Work task
Output the records below verbatim, minus the pictures.

--------------------------------

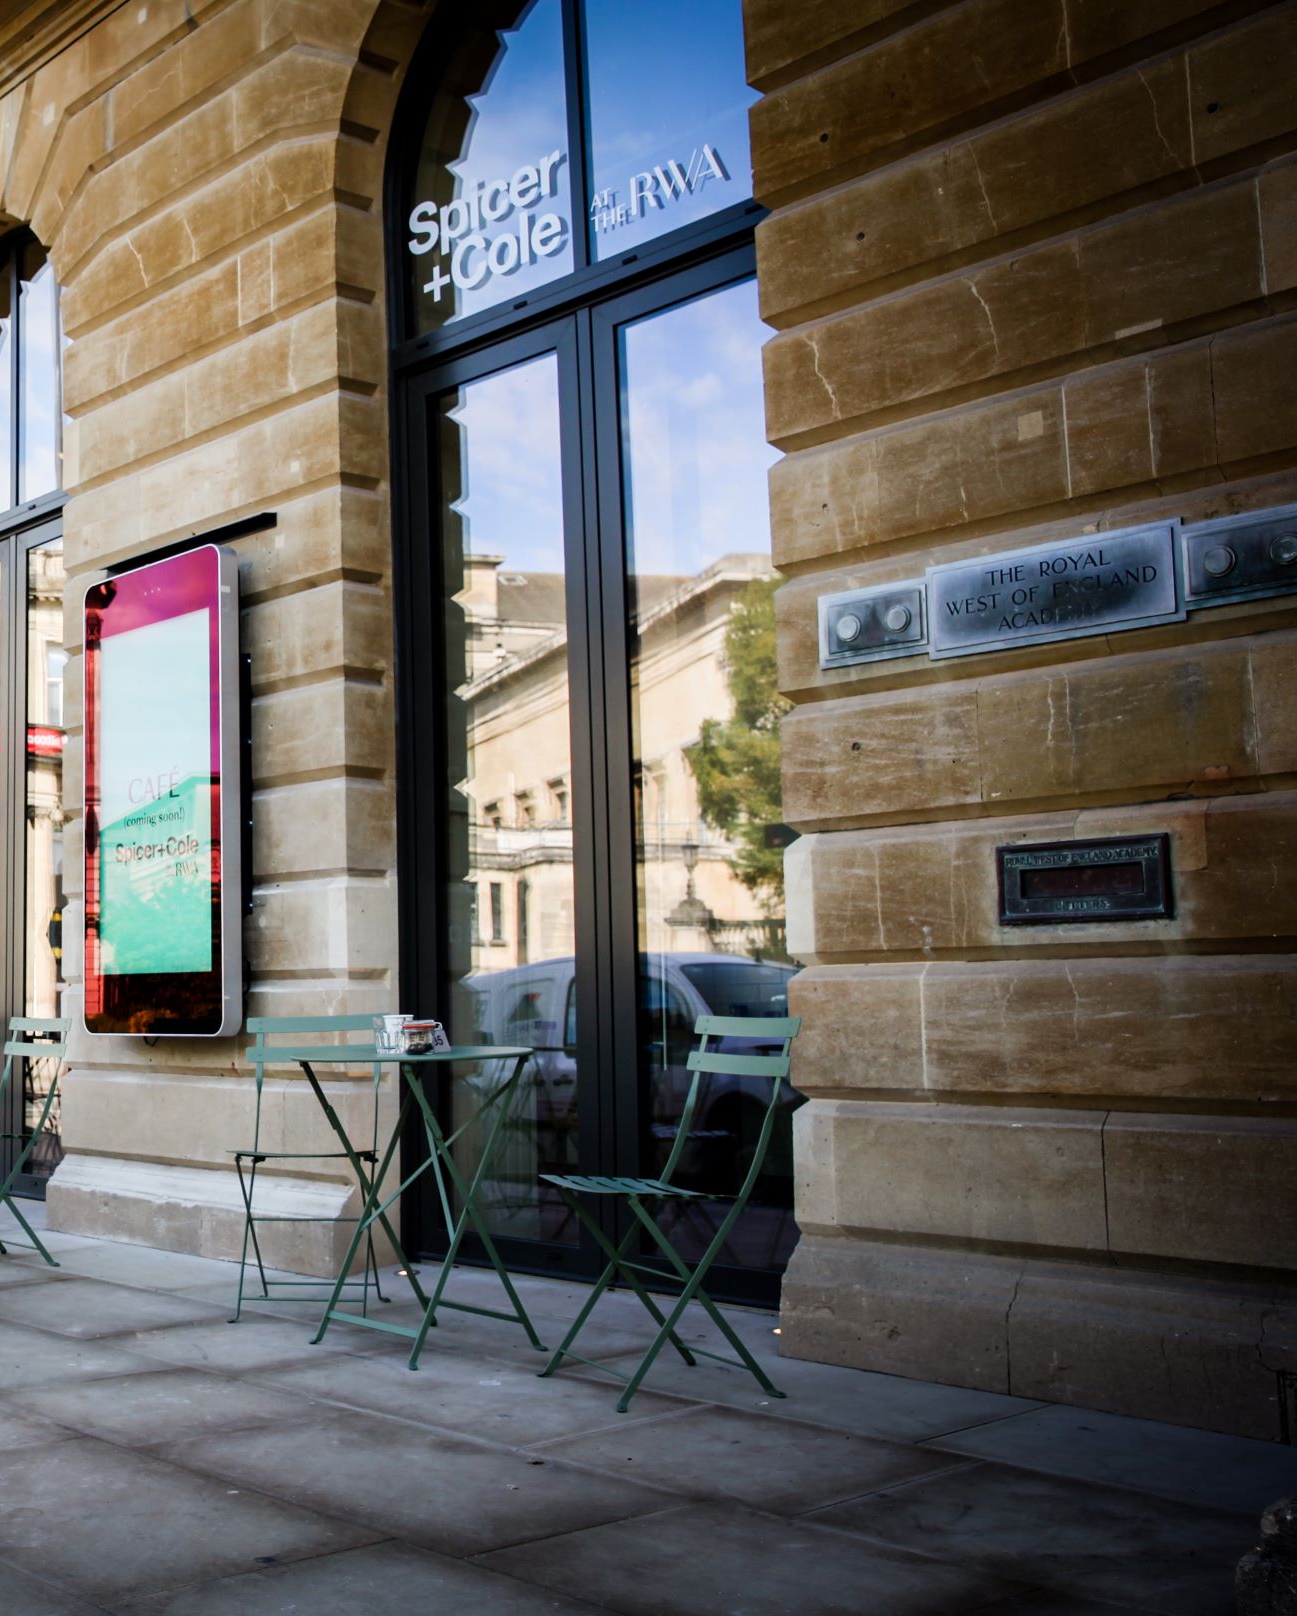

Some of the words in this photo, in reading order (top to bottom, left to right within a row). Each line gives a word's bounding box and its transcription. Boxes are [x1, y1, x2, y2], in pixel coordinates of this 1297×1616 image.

[408, 149, 560, 255] Spicer
[590, 203, 627, 232] THE
[630, 143, 723, 216] RWA
[590, 187, 612, 212] AT
[423, 210, 562, 302] +Cole
[985, 565, 1025, 586] THE
[1039, 550, 1111, 577] ROYAL
[946, 593, 1001, 616] WEST
[1011, 585, 1039, 606] OF
[1052, 565, 1157, 596] ENGLAND
[128, 765, 180, 804] CAFÉ
[123, 812, 157, 829] (coming
[158, 807, 185, 823] soon!)
[115, 834, 199, 866] Spicer+Cole
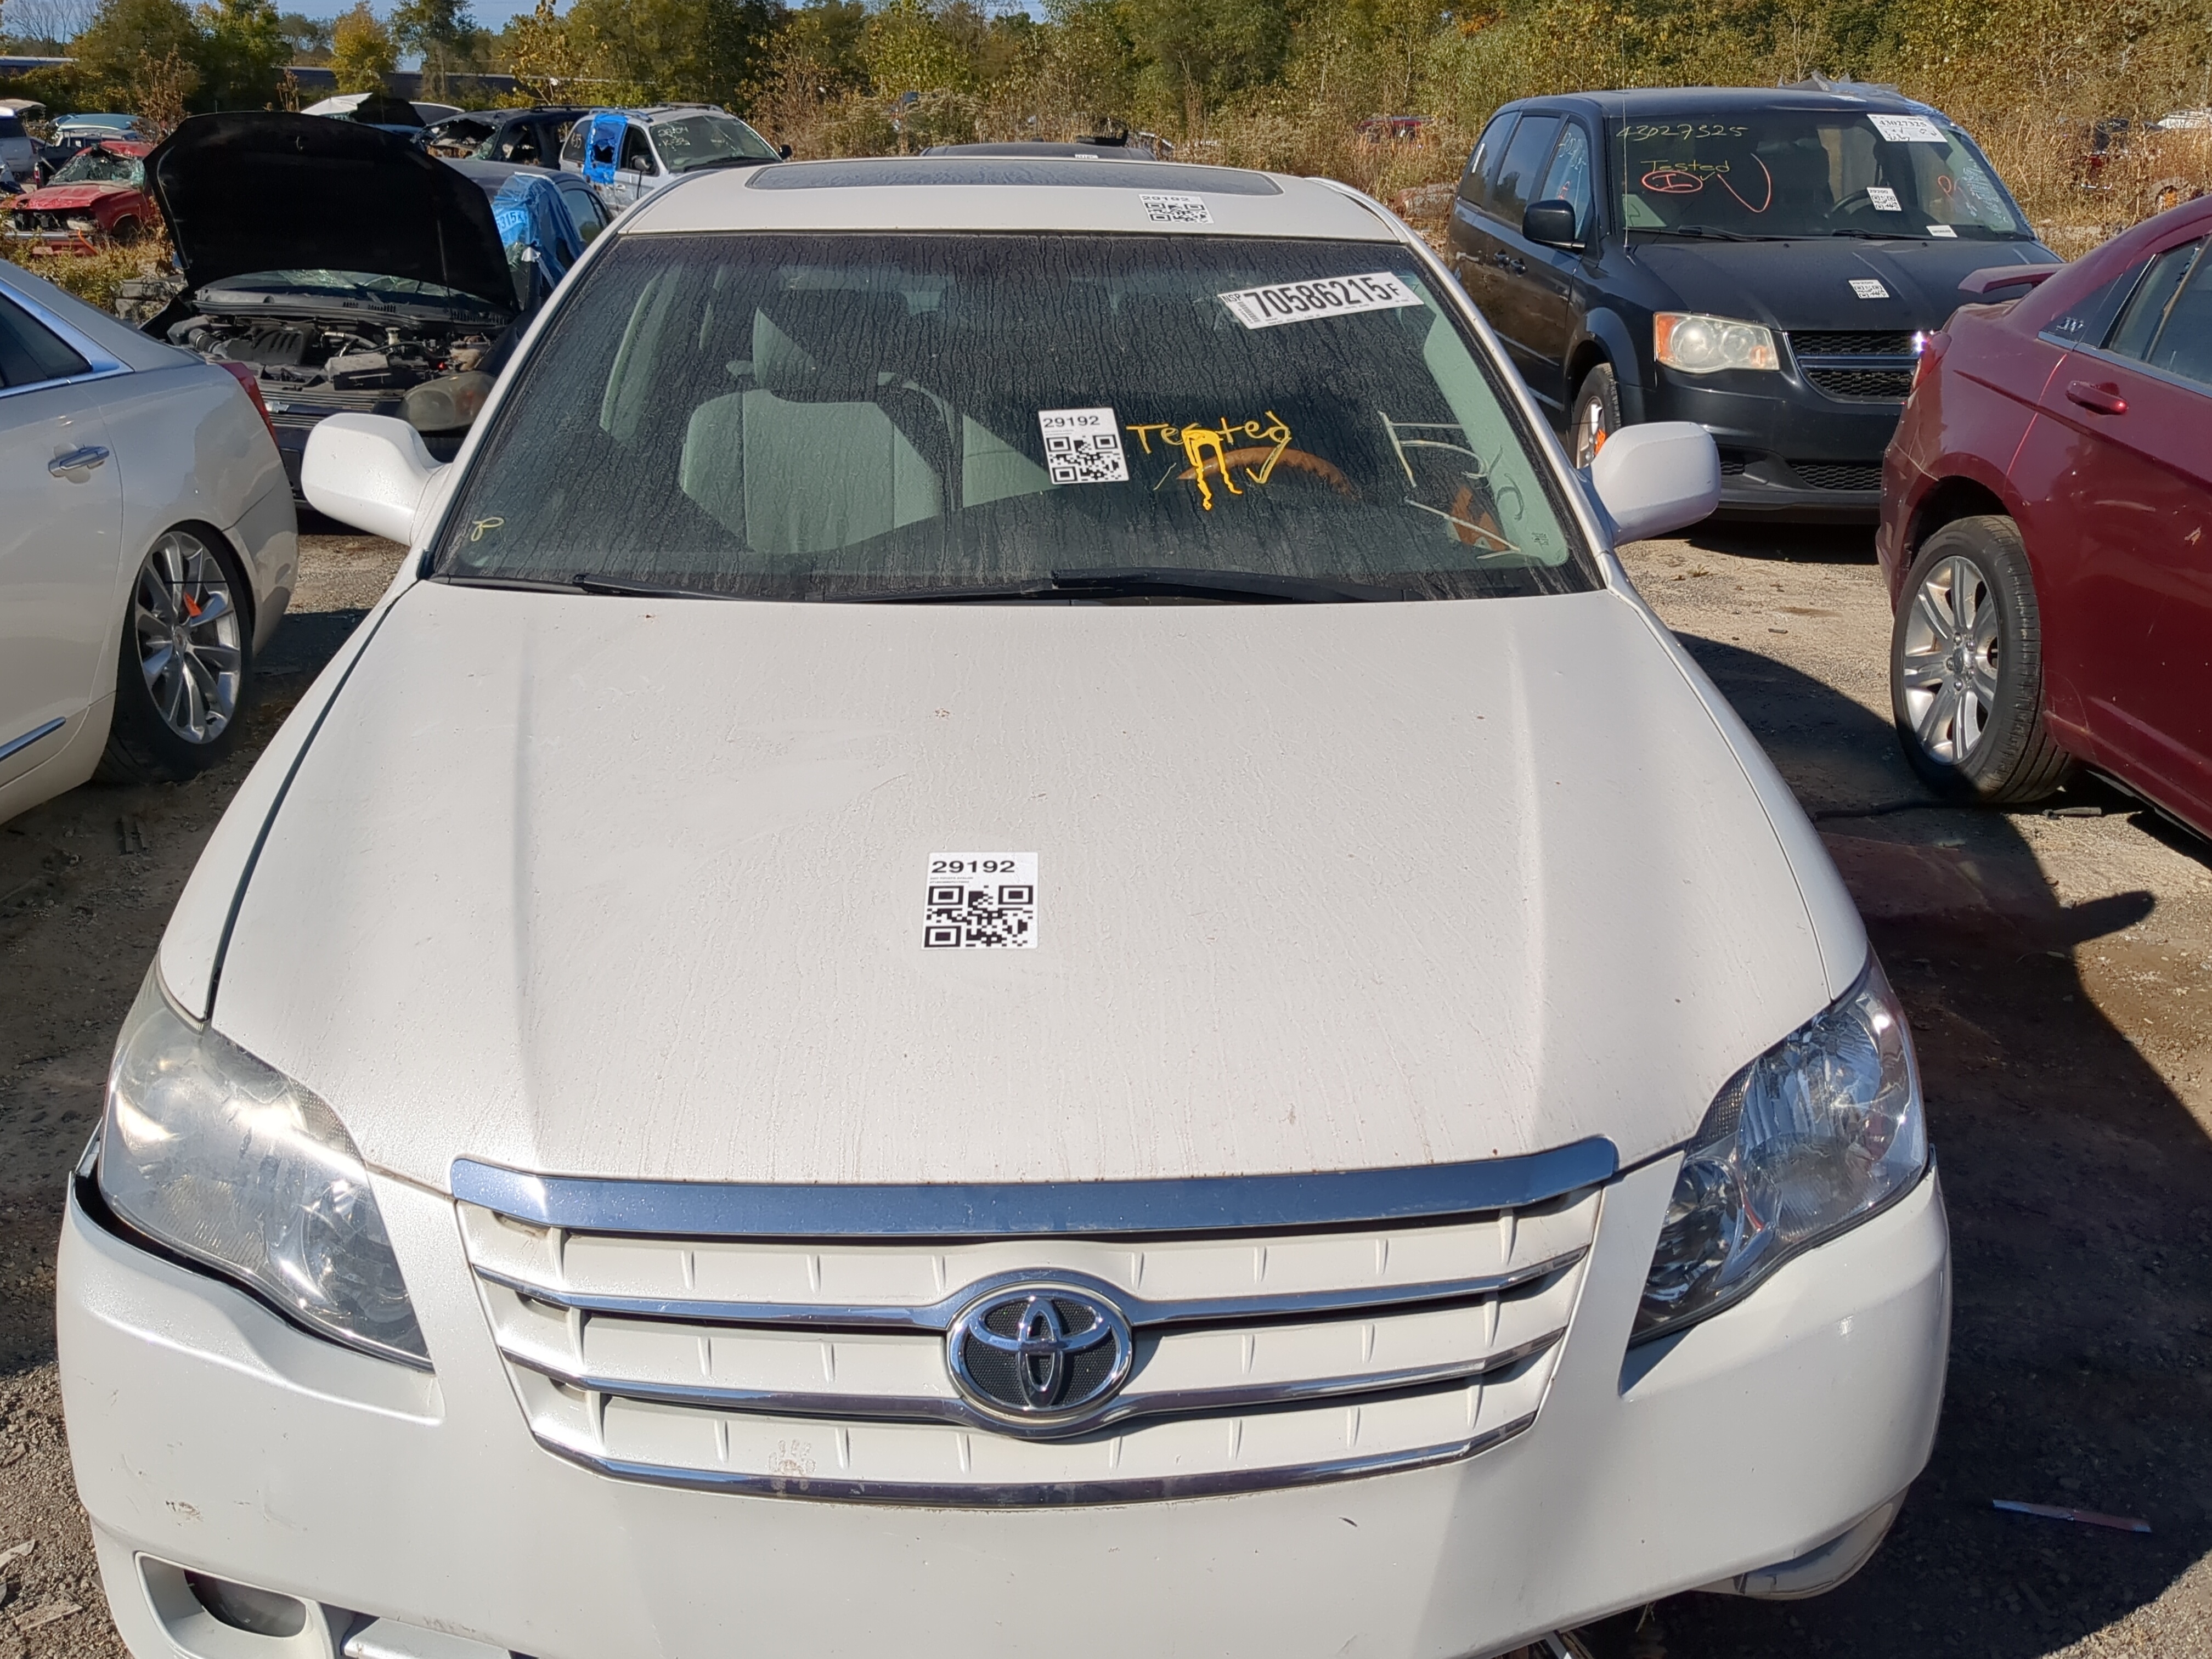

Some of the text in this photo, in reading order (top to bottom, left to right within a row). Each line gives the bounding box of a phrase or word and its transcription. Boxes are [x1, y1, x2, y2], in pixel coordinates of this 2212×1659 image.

--------------------------------

Response to the task
Some of the words in this photo, in reading order (top to bottom, left to right within a row). Each line gives a word's bounding box and its transcription. Boxes are [x1, y1, x2, y2], in pixel coordinates of this 1297×1616 image.

[408, 149, 560, 255] Spicer
[590, 203, 627, 232] THE
[630, 143, 723, 216] RWA
[590, 187, 612, 212] AT
[423, 210, 562, 302] +Cole
[985, 565, 1025, 586] THE
[1039, 550, 1111, 577] ROYAL
[946, 593, 1001, 616] WEST
[1011, 585, 1039, 606] OF
[1052, 565, 1157, 596] ENGLAND
[128, 765, 180, 804] CAFÉ
[123, 812, 157, 829] (coming
[158, 807, 185, 823] soon!)
[115, 834, 199, 866] Spicer+Cole

Some of the text in this photo, in reading order (top to bottom, left to right within a row). Each line gives the bounding box of a phrase or word and its transcription. Boxes are [x1, y1, x2, y2], in pixel coordinates of this 2212×1659 image.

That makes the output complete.